* **Task brief**
Copy every record word for word. The images stay behind.

[Material provided Boundary: Start]

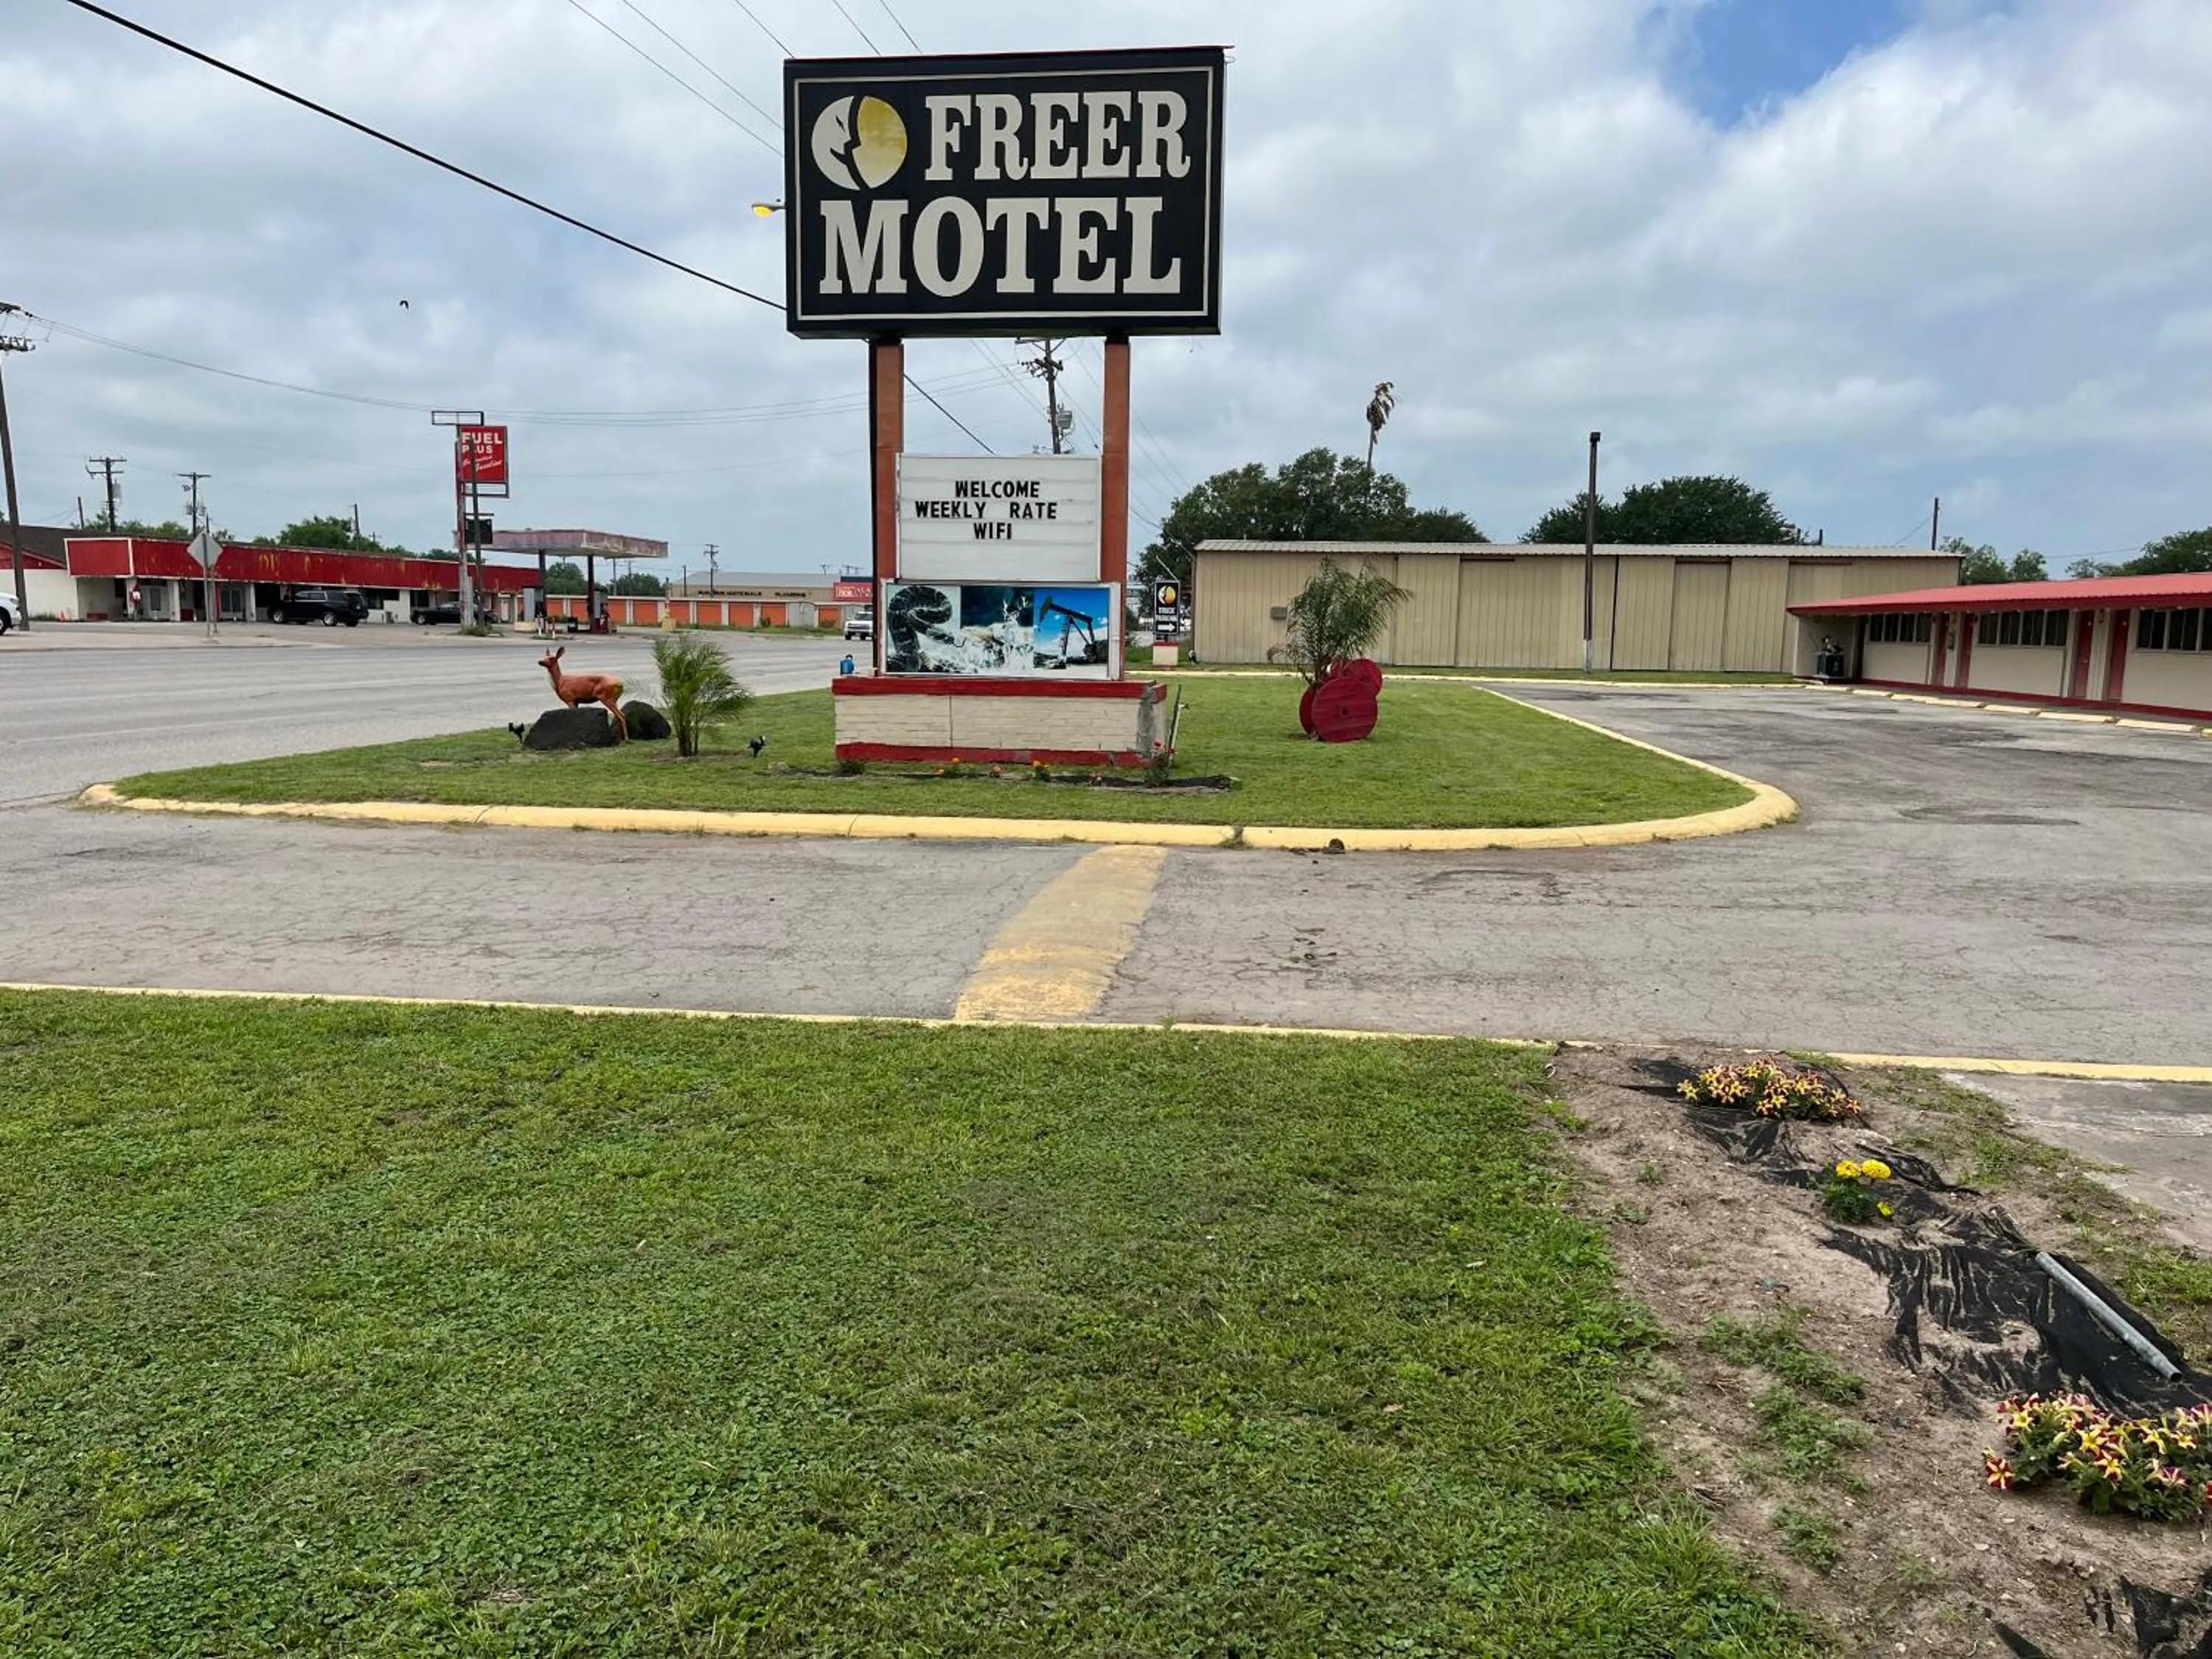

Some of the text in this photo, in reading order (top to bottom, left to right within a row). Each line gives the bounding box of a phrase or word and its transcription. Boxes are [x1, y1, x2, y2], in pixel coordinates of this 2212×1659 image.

[925, 90, 1192, 181] FREER
[819, 195, 1180, 297] MOTEL
[462, 432, 503, 445] FUEL
[462, 445, 493, 453] PUS
[955, 481, 1040, 498] WELCOME
[915, 501, 1057, 519] WEEKLY RATE
[973, 522, 1012, 540] WIFI

[Material provided Boundary: End]

* **Result for this exercise**
Some of the text in this photo, in reading order (top to bottom, left to right within a row). Each line gives the bounding box of a phrase or word and its transcription. Boxes are [x1, y1, x2, y2], in pixel coordinates of this 2212×1659 image.

[925, 90, 1192, 181] FREER
[819, 195, 1180, 297] MOTEL
[462, 432, 503, 445] FUEL
[462, 445, 493, 453] PUS
[955, 481, 1040, 498] WELCOME
[915, 501, 1057, 519] WEEKLY RATE
[973, 522, 1012, 540] WIFI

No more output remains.